[Extracted data Boundary: Start]
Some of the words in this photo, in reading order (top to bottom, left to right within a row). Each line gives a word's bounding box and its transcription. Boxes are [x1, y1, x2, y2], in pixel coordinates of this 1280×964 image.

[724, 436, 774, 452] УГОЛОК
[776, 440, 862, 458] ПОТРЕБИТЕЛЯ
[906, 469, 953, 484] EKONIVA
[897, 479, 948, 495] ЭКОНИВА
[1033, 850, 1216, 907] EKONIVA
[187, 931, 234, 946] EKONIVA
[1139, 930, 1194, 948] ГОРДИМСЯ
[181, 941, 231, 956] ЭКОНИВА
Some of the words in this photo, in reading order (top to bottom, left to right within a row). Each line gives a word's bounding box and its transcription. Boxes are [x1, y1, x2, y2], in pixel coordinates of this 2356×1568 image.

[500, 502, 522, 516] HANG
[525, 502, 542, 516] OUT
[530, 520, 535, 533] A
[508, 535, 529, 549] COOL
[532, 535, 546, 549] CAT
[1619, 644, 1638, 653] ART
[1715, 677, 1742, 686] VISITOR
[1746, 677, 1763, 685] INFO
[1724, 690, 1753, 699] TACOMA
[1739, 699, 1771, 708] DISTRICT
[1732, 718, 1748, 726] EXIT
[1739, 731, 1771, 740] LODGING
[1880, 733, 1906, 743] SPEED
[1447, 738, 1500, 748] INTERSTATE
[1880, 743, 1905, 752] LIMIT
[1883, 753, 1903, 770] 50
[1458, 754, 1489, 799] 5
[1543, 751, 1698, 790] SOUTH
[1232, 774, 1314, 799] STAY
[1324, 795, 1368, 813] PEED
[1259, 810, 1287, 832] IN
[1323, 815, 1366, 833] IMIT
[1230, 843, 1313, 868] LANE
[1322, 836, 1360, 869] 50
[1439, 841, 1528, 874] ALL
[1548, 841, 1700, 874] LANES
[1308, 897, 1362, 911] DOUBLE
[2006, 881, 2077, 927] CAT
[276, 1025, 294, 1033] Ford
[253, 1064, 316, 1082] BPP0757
[Extracted data Boundary: End]
:: What is being asked ::
Each line from the one with "this 2356×1568 image." through the last line of the material is to be retyped exactly, and no other line is.

:: Task response ::
Some of the words in this photo, in reading order (top to bottom, left to right within a row). Each line gives a word's bounding box and its transcription. Boxes are [x1, y1, x2, y2], in pixel coordinates of this 2356×1568 image.

[500, 502, 522, 516] HANG
[525, 502, 542, 516] OUT
[530, 520, 535, 533] A
[508, 535, 529, 549] COOL
[532, 535, 546, 549] CAT
[1619, 644, 1638, 653] ART
[1715, 677, 1742, 686] VISITOR
[1746, 677, 1763, 685] INFO
[1724, 690, 1753, 699] TACOMA
[1739, 699, 1771, 708] DISTRICT
[1732, 718, 1748, 726] EXIT
[1739, 731, 1771, 740] LODGING
[1880, 733, 1906, 743] SPEED
[1447, 738, 1500, 748] INTERSTATE
[1880, 743, 1905, 752] LIMIT
[1883, 753, 1903, 770] 50
[1458, 754, 1489, 799] 5
[1543, 751, 1698, 790] SOUTH
[1232, 774, 1314, 799] STAY
[1324, 795, 1368, 813] PEED
[1259, 810, 1287, 832] IN
[1323, 815, 1366, 833] IMIT
[1230, 843, 1313, 868] LANE
[1322, 836, 1360, 869] 50
[1439, 841, 1528, 874] ALL
[1548, 841, 1700, 874] LANES
[1308, 897, 1362, 911] DOUBLE
[2006, 881, 2077, 927] CAT
[276, 1025, 294, 1033] Ford
[253, 1064, 316, 1082] BPP0757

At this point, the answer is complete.